■ **What is expected**
Down to the last line, transcribe the records verbatim and exclude the images.

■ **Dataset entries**
════════════════════
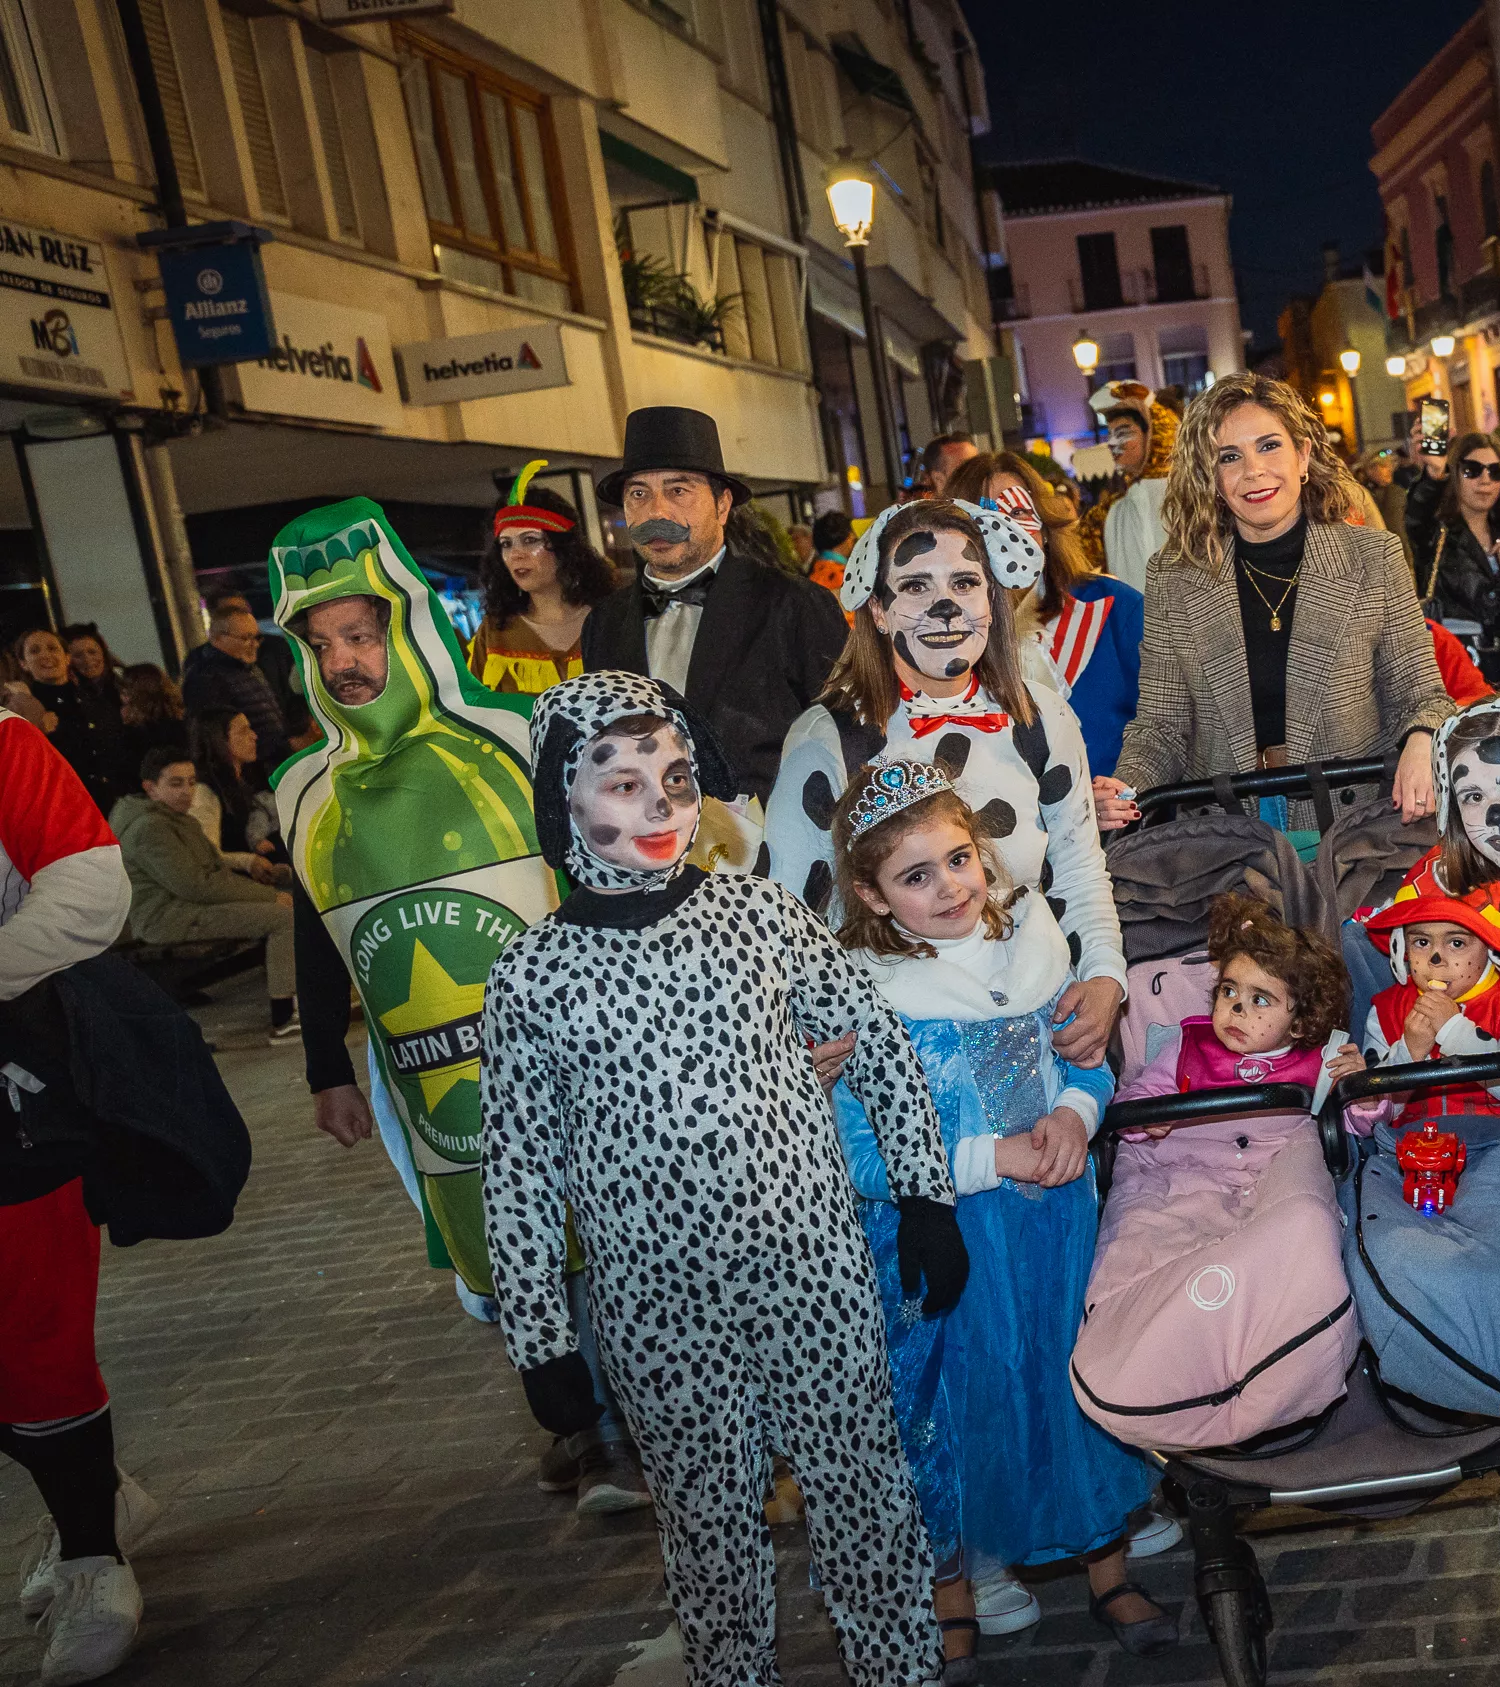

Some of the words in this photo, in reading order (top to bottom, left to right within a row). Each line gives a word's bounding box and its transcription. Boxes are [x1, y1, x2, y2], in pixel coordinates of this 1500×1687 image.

[184, 299, 249, 320] Allianz
[423, 352, 514, 382] helvetia
[357, 918, 392, 985] LONG
[399, 901, 461, 930] LIVE
[390, 1032, 452, 1069] LATIN
[456, 1021, 482, 1053] B
[418, 1113, 482, 1152] PREMIUM
════════════════════
■ **Task output**
Some of the words in this photo, in reading order (top to bottom, left to right within a row). Each line gives a word's bounding box and its transcription. Boxes are [x1, y1, x2, y2], in pixel coordinates of this 1500×1687 image.

[184, 299, 249, 320] Allianz
[423, 352, 514, 382] helvetia
[357, 918, 392, 985] LONG
[399, 901, 461, 930] LIVE
[390, 1032, 452, 1069] LATIN
[456, 1021, 482, 1053] B
[418, 1113, 482, 1152] PREMIUM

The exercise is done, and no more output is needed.